Problem to solve →
Let your answer be the line containing "Some of the words" and every line below it to the end of the records, copied exactly.
◇ ◇ ◇ ◇ ◇
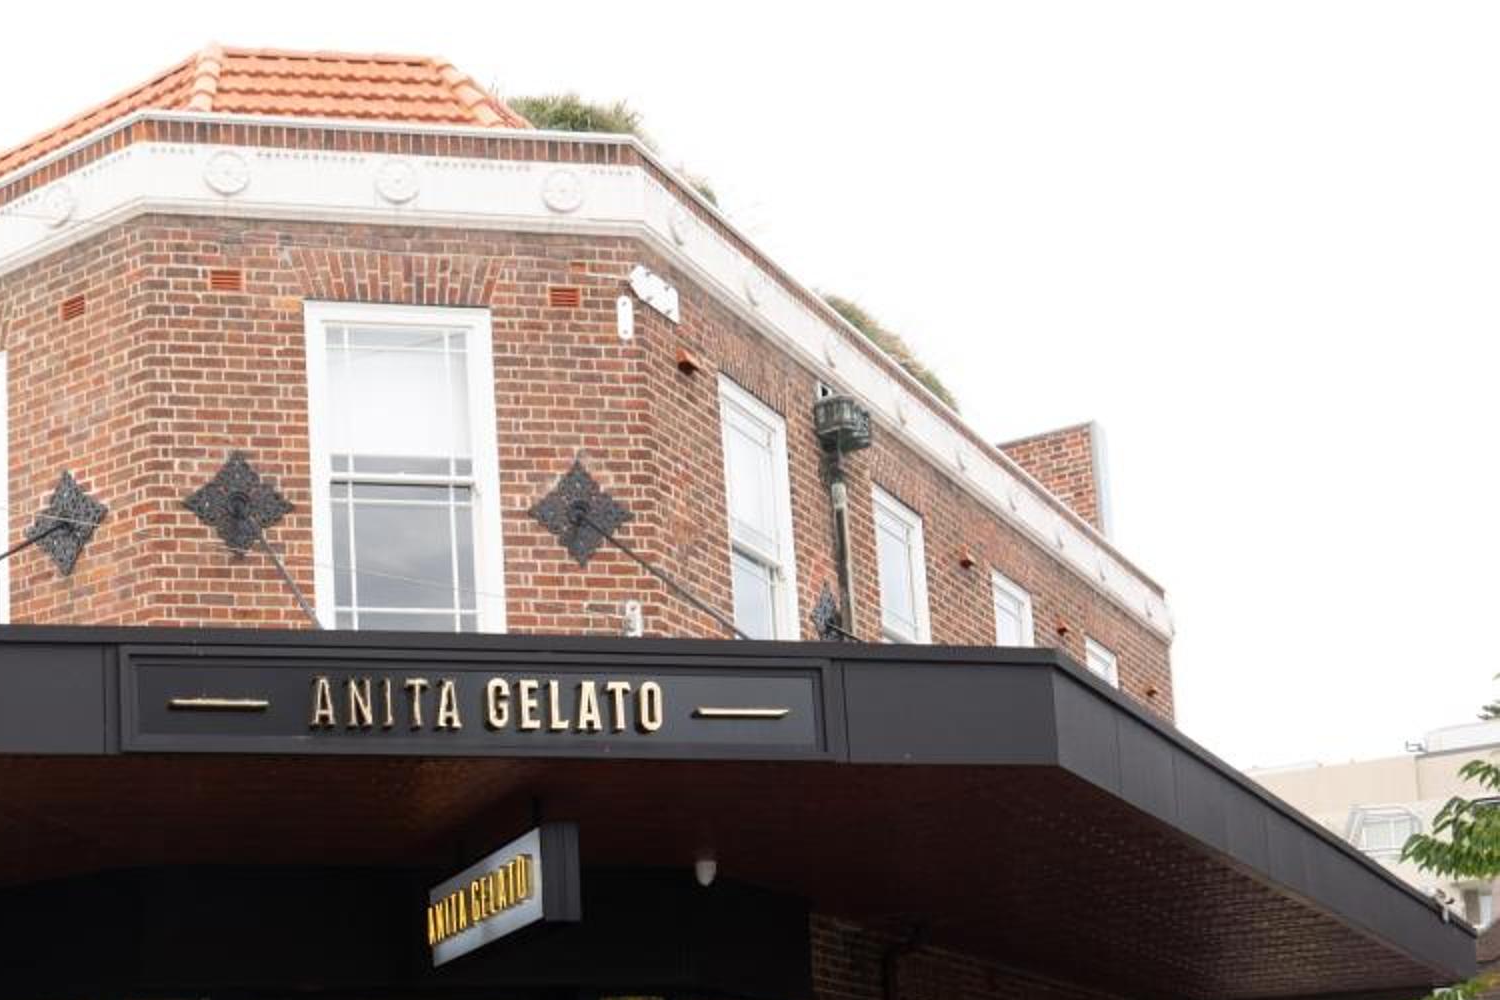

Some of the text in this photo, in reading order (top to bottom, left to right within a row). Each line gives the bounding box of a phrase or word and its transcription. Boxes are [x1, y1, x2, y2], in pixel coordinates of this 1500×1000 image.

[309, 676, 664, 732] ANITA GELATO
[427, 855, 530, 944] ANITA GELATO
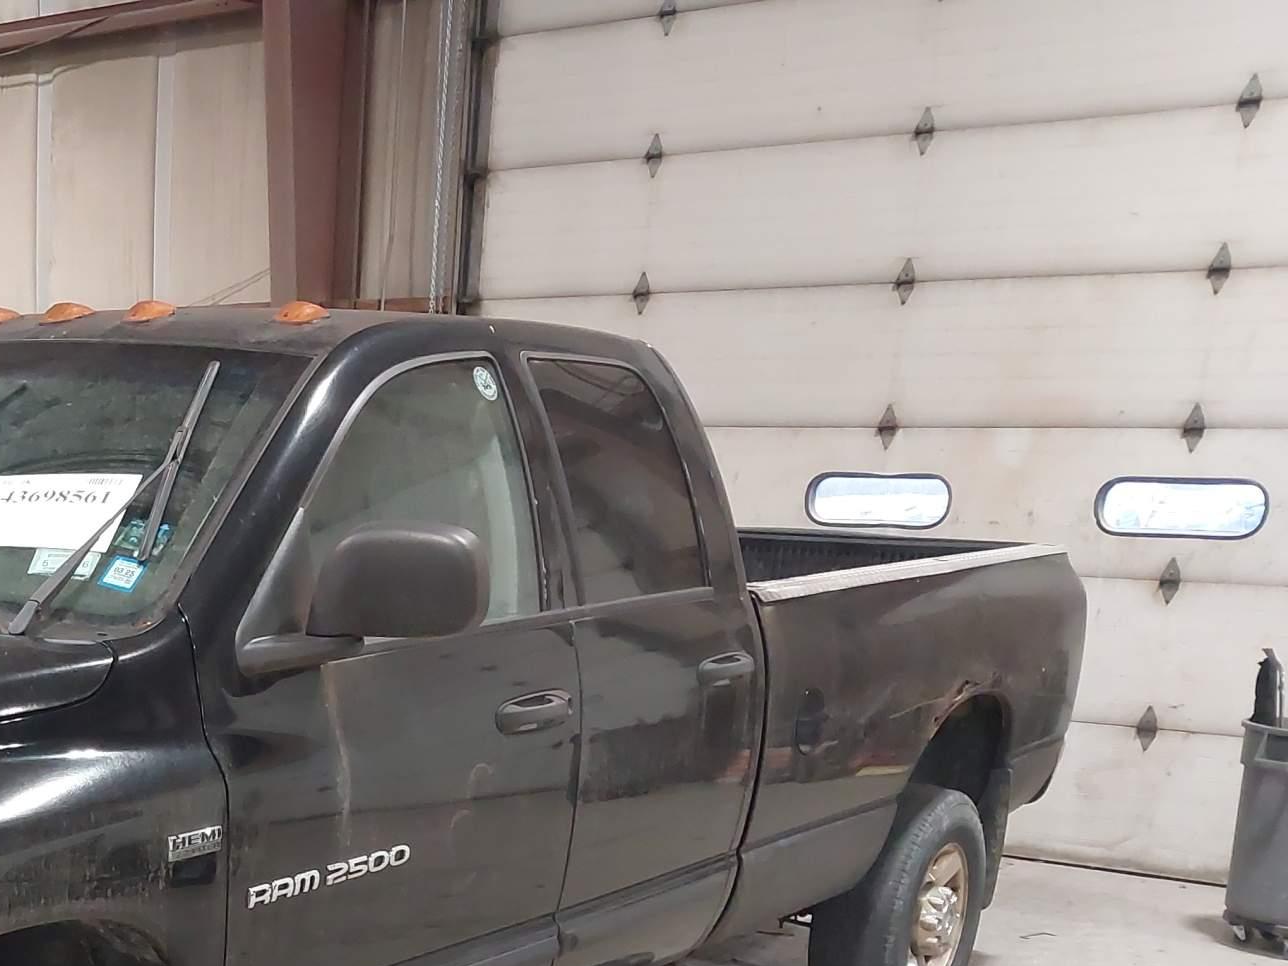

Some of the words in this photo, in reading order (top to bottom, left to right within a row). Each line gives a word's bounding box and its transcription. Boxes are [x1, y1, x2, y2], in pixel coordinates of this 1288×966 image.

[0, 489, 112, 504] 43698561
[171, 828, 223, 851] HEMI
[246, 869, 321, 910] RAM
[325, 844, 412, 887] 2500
◇ ◇ ◇ ◇ ◇
Written solution →
Some of the words in this photo, in reading order (top to bottom, left to right within a row). Each line gives a word's bounding box and its transcription. Boxes are [x1, y1, x2, y2], in pixel coordinates of this 1288×966 image.

[0, 489, 112, 504] 43698561
[171, 828, 223, 851] HEMI
[246, 869, 321, 910] RAM
[325, 844, 412, 887] 2500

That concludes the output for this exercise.